Money is work. Given the chance, it will manipulate our decision-making. The question is: Who’s supposed to control the behavior of money? That would be us.
When we have too little money to get what we want, we borrow and pay interest. When we have extra money, we invest and hope for gain. Too much borrowing and interest eats up what we earn. Poor investing means loss. There’s a lot of “woe is me” around money.
When you control the money, it can’t control you.
We all need money to live. That’s why we work. We need certain basics: a means of transportation, place to live, furnishings, food, and clothing. We also need to embrace life, advancing our interests and talents. There’s a cost to that.
When it comes to spending money, the big issues are speed and magnitude. How fast must we have the things we want and need? And how grand is our thirst?
Early on, most of us don’t really know what kind of life we want to live. There’s just so much out there to figure out. We often make decisions about cars, houses, clothes, vacations, and all manner of stuff based on what others own or what people say we should have. So we just follow the pack, spending away.
The problem: Once money is spent it’s gone. That means you need to replace it. So, you keep reporting to work each day, volunteer for some overtime, hope for a raise or promotion, or look for a new job. Maybe you even add a sideline to raise some extra cash. The cycle keeps spinning.
We control the money by controlling our spending. Pretty complicated, eh?
The snafu here is that spending is about behavior—ours! We spend money for lots of reasons, not all of them too admirable. Here are some typical lines:
- I deserve to treat myself. I work really hard.
- My job is so boring. I’ll feel better if I go shopping.
- Life is short. I need to enjoy these things while I’m young.
- Everyone else has these things. I can’t look like I’m a loser.
- If I don’t stay in style, I’ll be left out.
Controlling spending gets easier when you know what it is that you’re working toward.
We all make bad purchasing decisions. Each one is a lesson.
When we spend our money on dumb stuff, we need to revisit the “why” of our buying decisions. I’ve made a few bad purchases myself.
1. I was once obsessed with Longaberger baskets. I bought scads of them, especially the ones with the plates. I used some, decorated with others, and kept some in the boxes. I convinced myself that they were “investments” that would eventually turn a profit. Nada! (Lesson: Unless you have a market in-hand, don’t borrow to buy and resell.)

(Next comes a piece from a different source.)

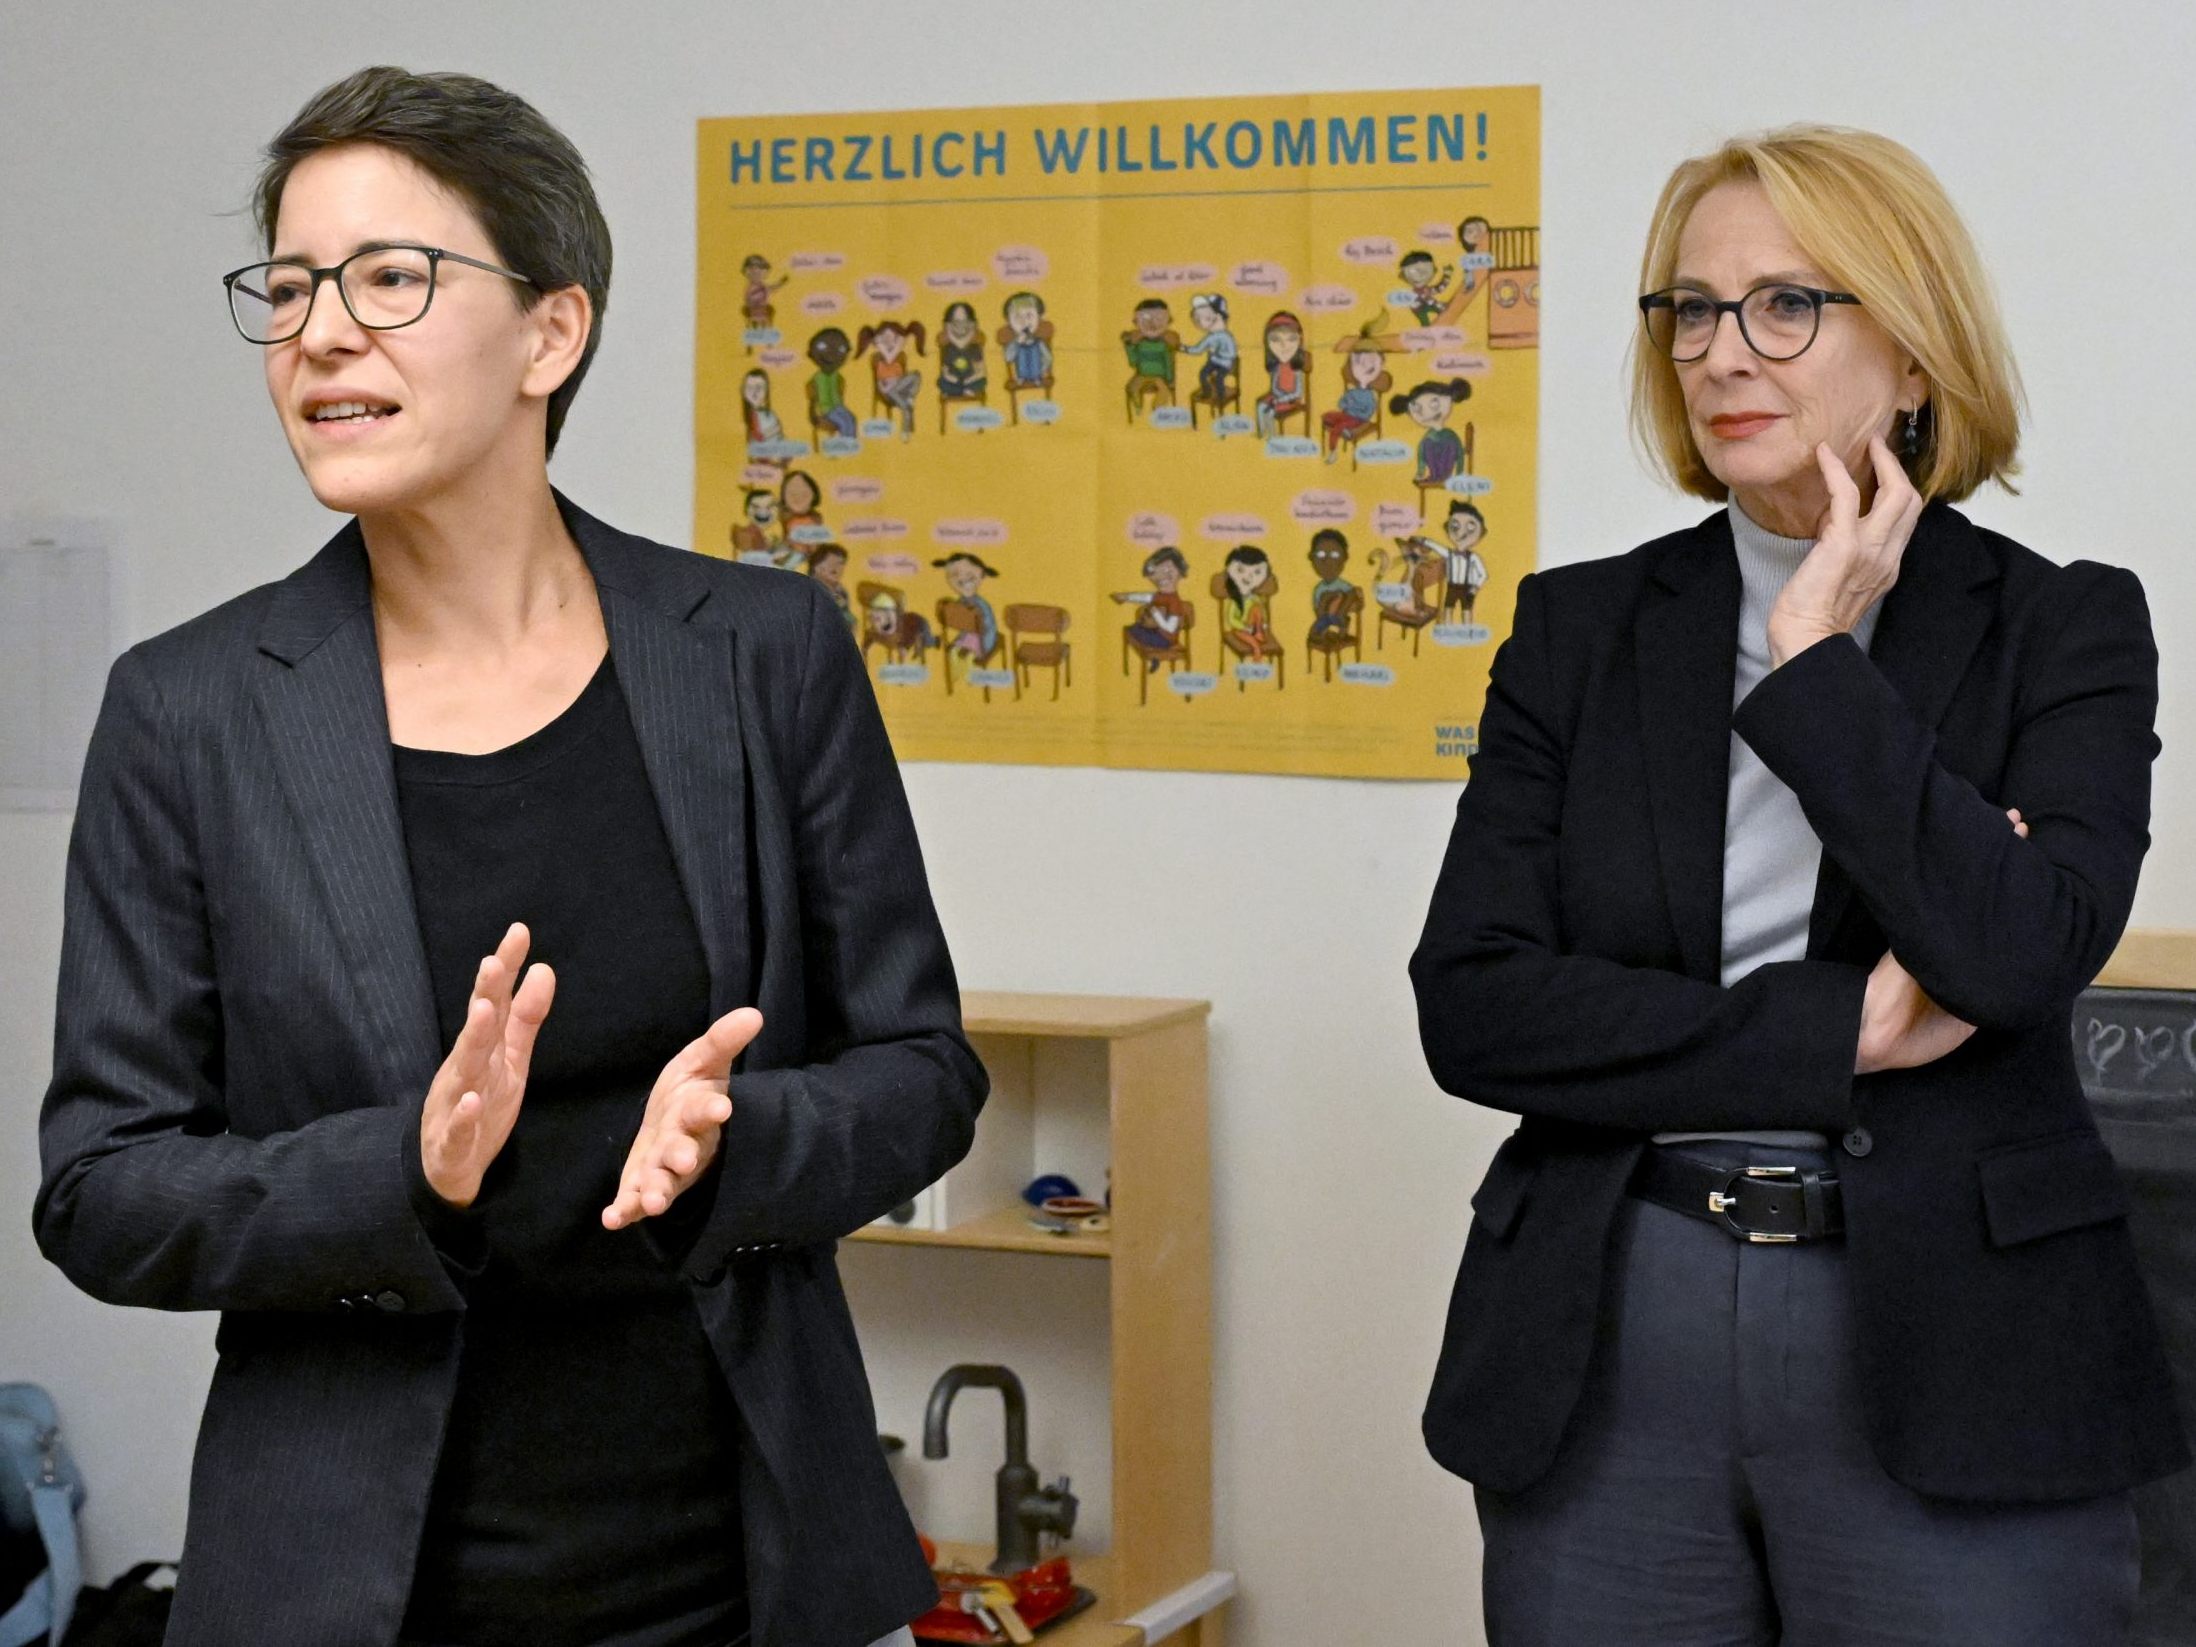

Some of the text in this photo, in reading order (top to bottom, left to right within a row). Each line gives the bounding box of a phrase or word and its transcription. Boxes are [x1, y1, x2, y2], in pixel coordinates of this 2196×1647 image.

[730, 112, 1488, 184] HERZLICH WILLKOMMEN!
[1435, 725, 1475, 740] WAS
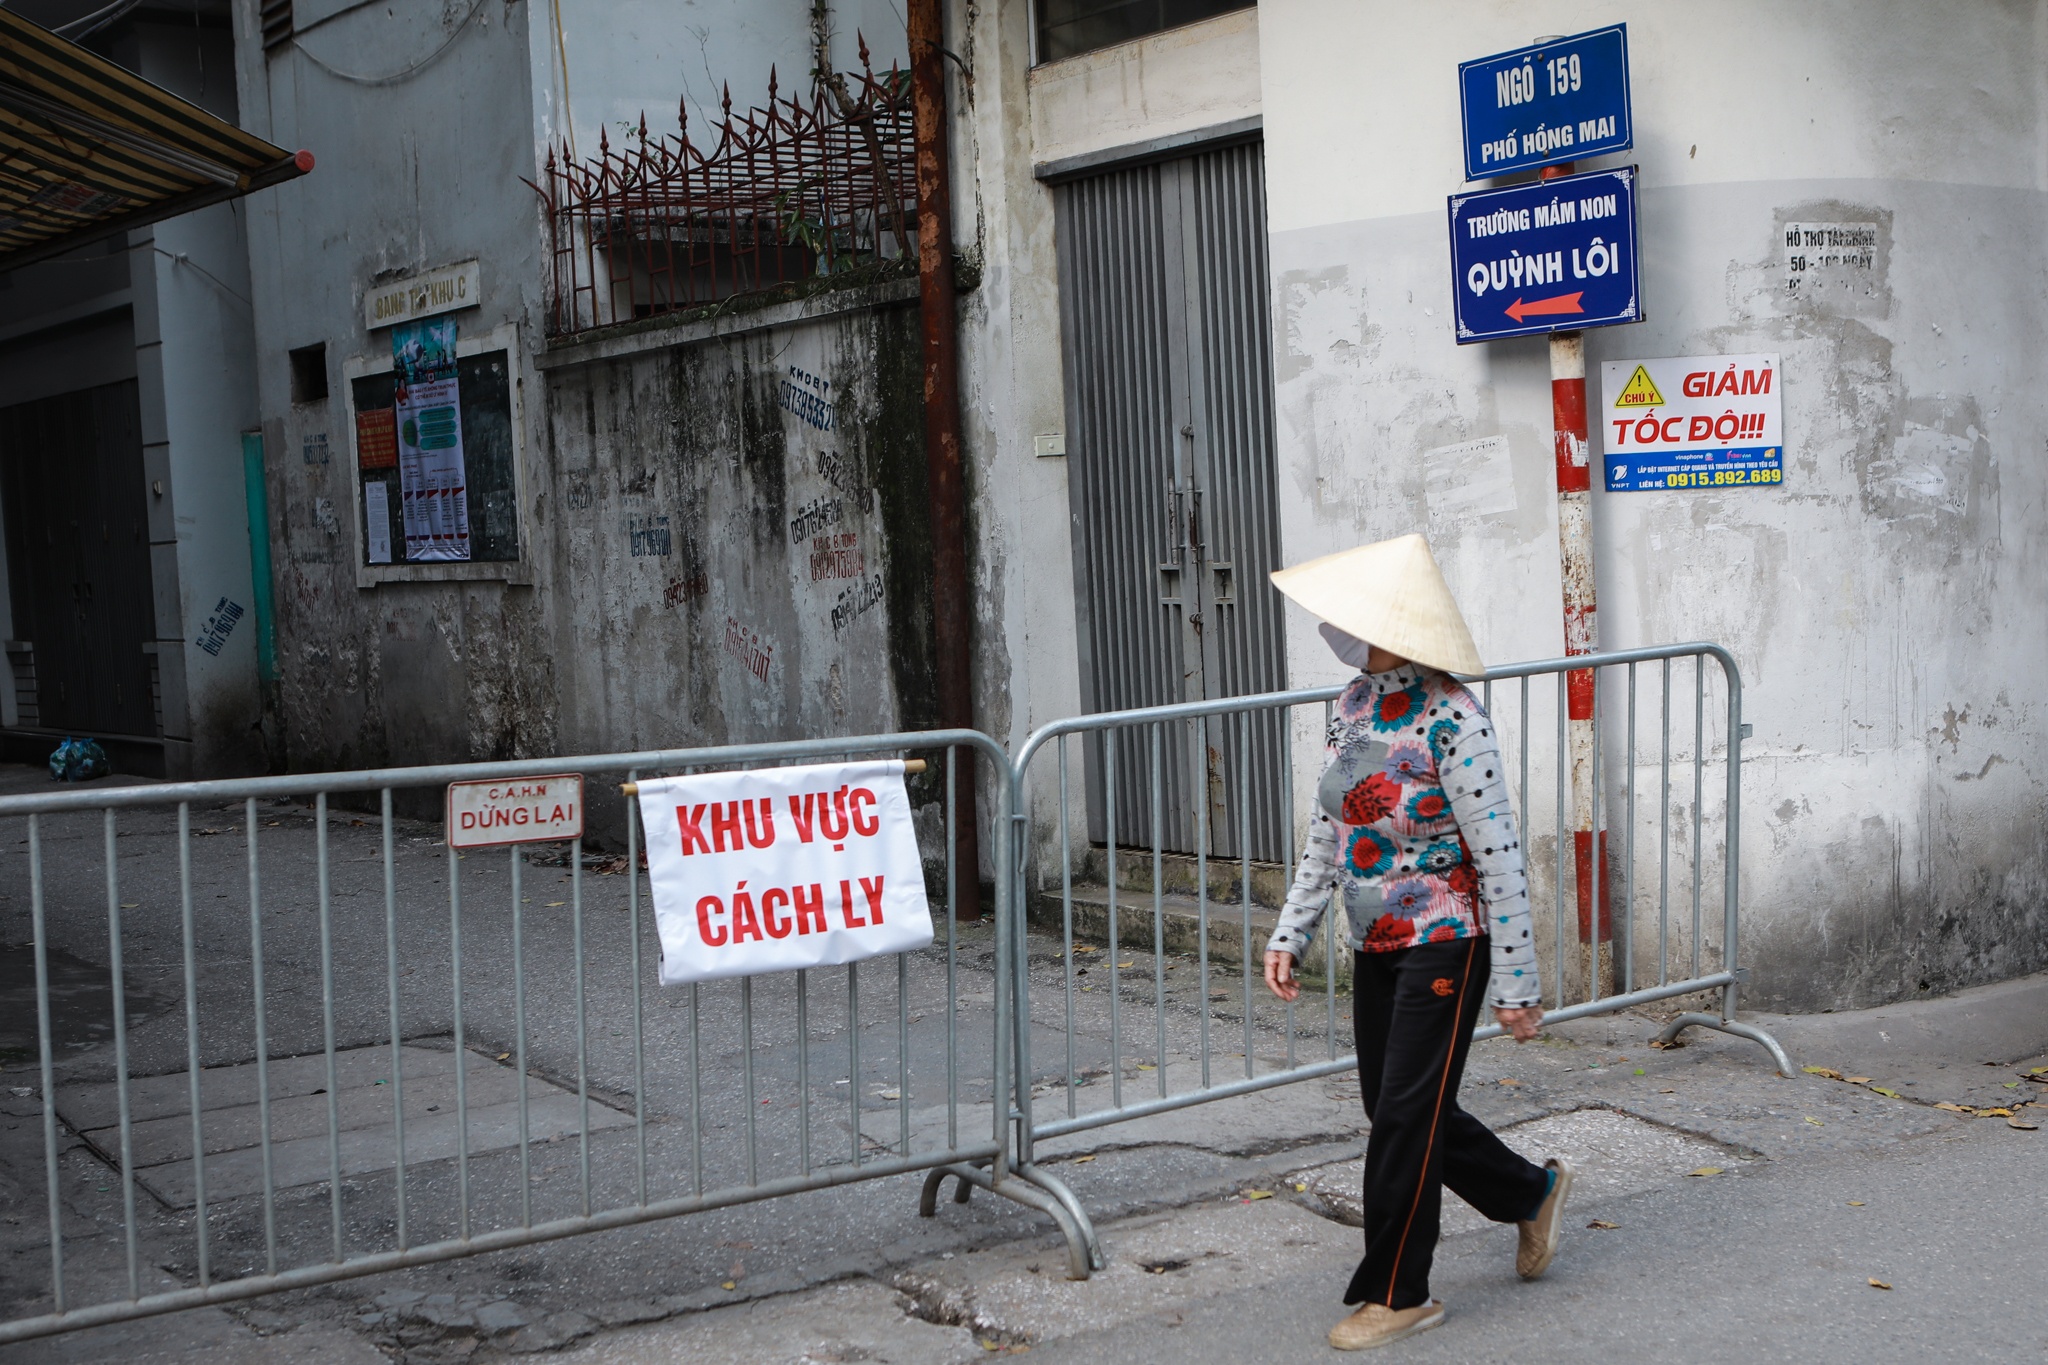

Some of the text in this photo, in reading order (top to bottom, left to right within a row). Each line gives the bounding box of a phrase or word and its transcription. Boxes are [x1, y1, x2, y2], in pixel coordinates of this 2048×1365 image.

2. I’d always wanted a baby grand piano but couldn’t afford one. I knew an antique refinisher who was restoring a baby grand that I could have for under $2,000. I was blind over it and forgot about the “if it’s too good to be true” warning. The piano became unplayable in short order. I felt like an idiot. (Lesson: Don’t let your heart rule your head and then squander your money.)
3. As a horse breeder, I was approached about investing with a partner in a well-bred stallion from Florida. There was a string of “experts” attesting to the quality of this horse. The price was right but not a bargain. To make a long story short, soon after we bought him, his underlying health issues surfaced and he was dead of natural causes in 6 months. (Lesson: Always do your own due diligence on any major purchase.)
It’s your money. Treat it like it matters.
Your life is your business. Your money makes up your budget, your investment portfolio, and your solvency. Be mindful of the life you are trying to build for yourself over the long term. Remember: business fitness is about being prepared and ready to move your life forward. You money is your wheels!
Have you had any money “experiences” that have been eye-openers for you? What are important lessons you’ve learned?